SECTION 15 - INDEMNIFICATION

     15.1 The Lender shall indemnify and hold harmless the Borrower, Madison
Liquidity Investors 104, and any of their respective officers and employees,
members, managers or directors (each an "Indemnified Party" and collectively
"Indemnified Parties") from and against any and all loss, liability, claim and
expense arising under the federal or state securities laws and resulting
directly and solely from the Lender's failure to fund a Loan advance pursuant to
this Agreement if: (a) such failure to fund constitutes a breach by the Lender
of its obligations under this Agreement and (b) such breach continues for a
period in excess of five (5) Business Days after the date specified by the
Borrower as the date upon which the advance was to be made.

     15.2 The Borrower shall indemnify and hold harmless the Lender and any of
its officers, employees, managers or directors (each an "Indemnified Party" and
collectively "Indemnified Parties") from and against any and all loss,
liability, claim and expense, arising as a result of a violation of the federal
or state securities laws in connection with an offer to acquire, or the
acquisition of, an Investment Position.

     15.3 This indemnification shall apply to any Indemnified Party who is a
party or subject of any pending or completed action, suit or proceeding, whether
civil or administrative in circumstances governed by Section 15.1 or 15.2.

     15.4 All reasonable expenses and costs of the Indemnified Parties
(including, without limitation, attorneys and experts fees) in defending,
investigating or appealing any action, suit or proceeding shall be paid by the
Lender, with respect to its obligations under Section 15.1, or the Borrower,
with respect to its obligations under Section 15.2 (in each case, the
"Indemnifying Party"), within ten (10) Business Days of submission by an
Indemnified Party of a request for such reimbursement, together with reasonable
substantiation of the expenses and costs involved. The Indemnifying Party shall
have the right to approve the Indemnified Parties' counsel and such counsel may,
at the option of the Indemnifying Party, represent more than one of the
Indemnified Parties so long as no conflict of interest exists which would
preclude such counsel from representing one or more of the Indemnified Parties.
In the event there is a good faith dispute between the Indemnified Parties and
the Indemnifying Party as to whether this Section 15 applies to such action,
suit or proceeding, the Indemnifying Party shall not be obligated to make any
advance for expenses and costs under this Section 15.4 pending a determination
by a court of competent jurisdiction of the applicability of this Section 15.
Any offer of settlement or compromise of a claim shall be promptly communicated
to the Indemnifying Party and shall not be accepted unless agreed upon in
writing by the Indemnified Parties and the Indemnifying Party.
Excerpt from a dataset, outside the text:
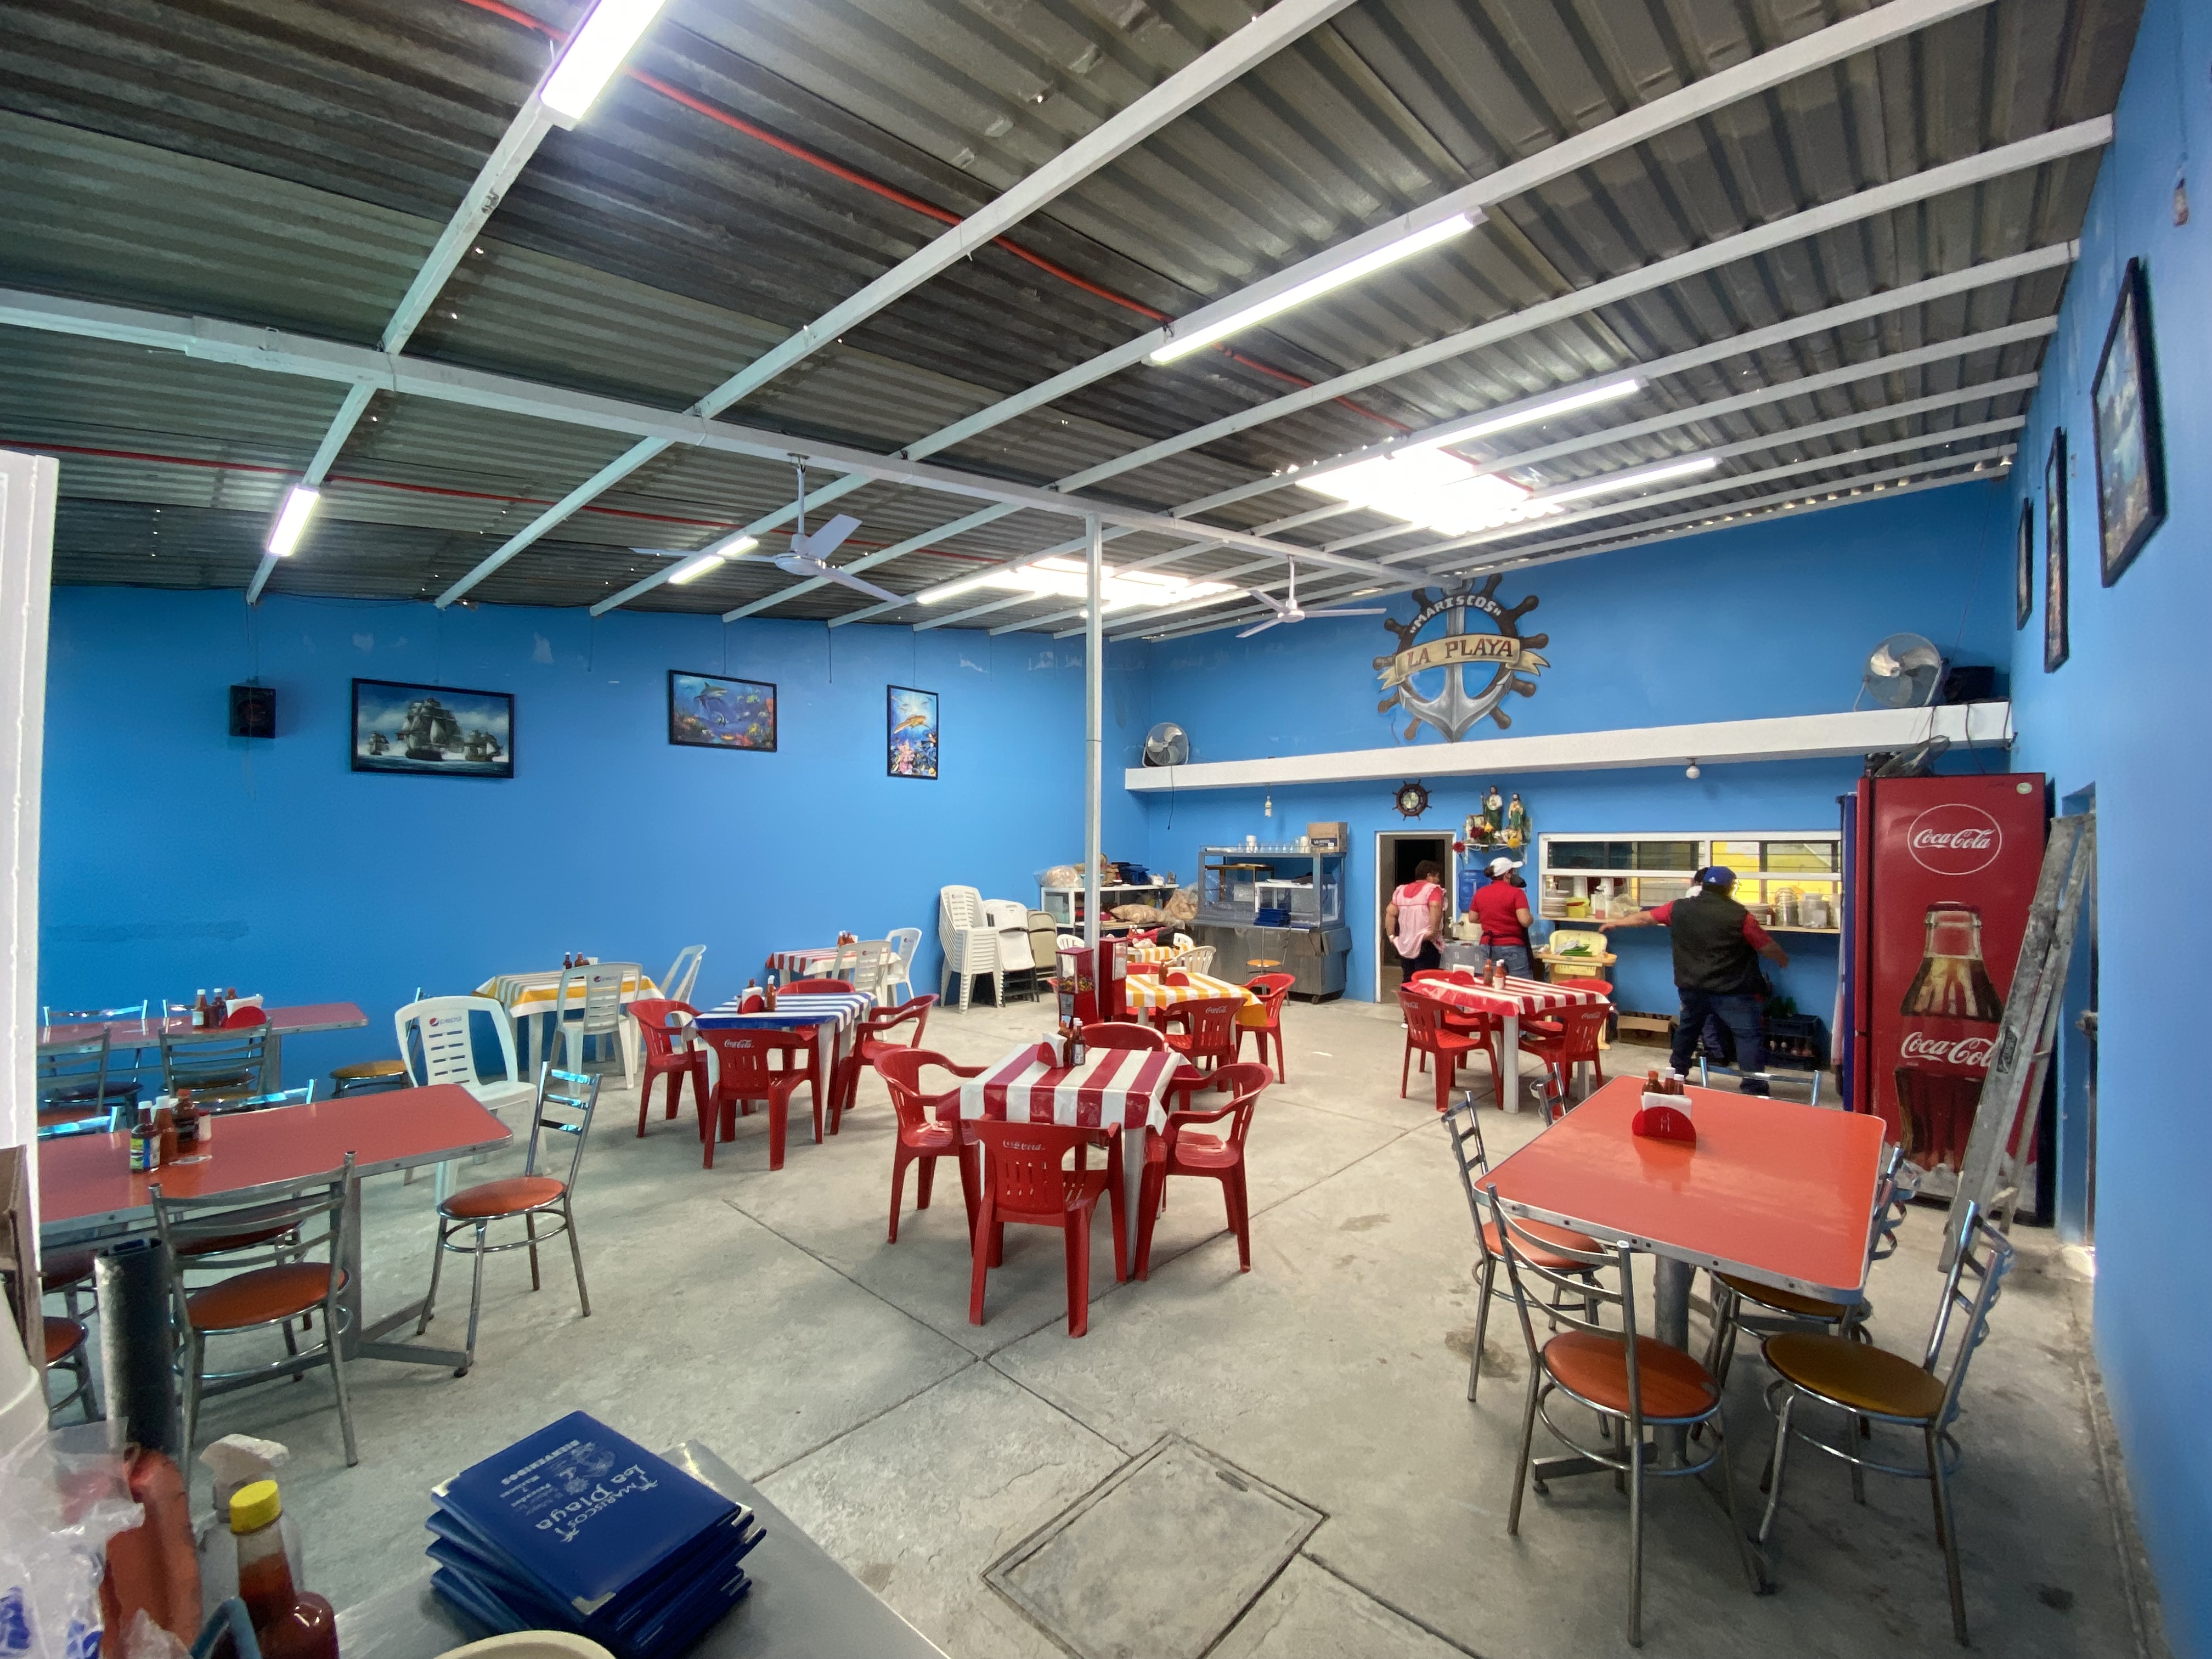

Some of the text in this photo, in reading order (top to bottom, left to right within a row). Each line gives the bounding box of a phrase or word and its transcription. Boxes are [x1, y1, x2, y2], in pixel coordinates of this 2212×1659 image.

If the
Indemnified Party declines to accept a bona fide offer of settlement which is
recommended by the Indemnifying Party, the maximum liability of the Indemnifying
Party shall not exceed that amount which it would have been liable for had such
settlement been accepted. If the Indemnifying Party declines to accept a bona
fide offer of settlement recommended by the Indemnified Parties, the
Indemnifying Party shall be liable for whatever outcome results from such
third-party claim.

     15.5 The indemnification and reimbursement of expenses and costs pursuant
to this Section 15 shall be the Indemnified Parties' exclusive remedy (a) with
respect to the Lender for matters covered by Section 15.1 and (b) with respect
to the Borrower for matters covered by Section 15.2.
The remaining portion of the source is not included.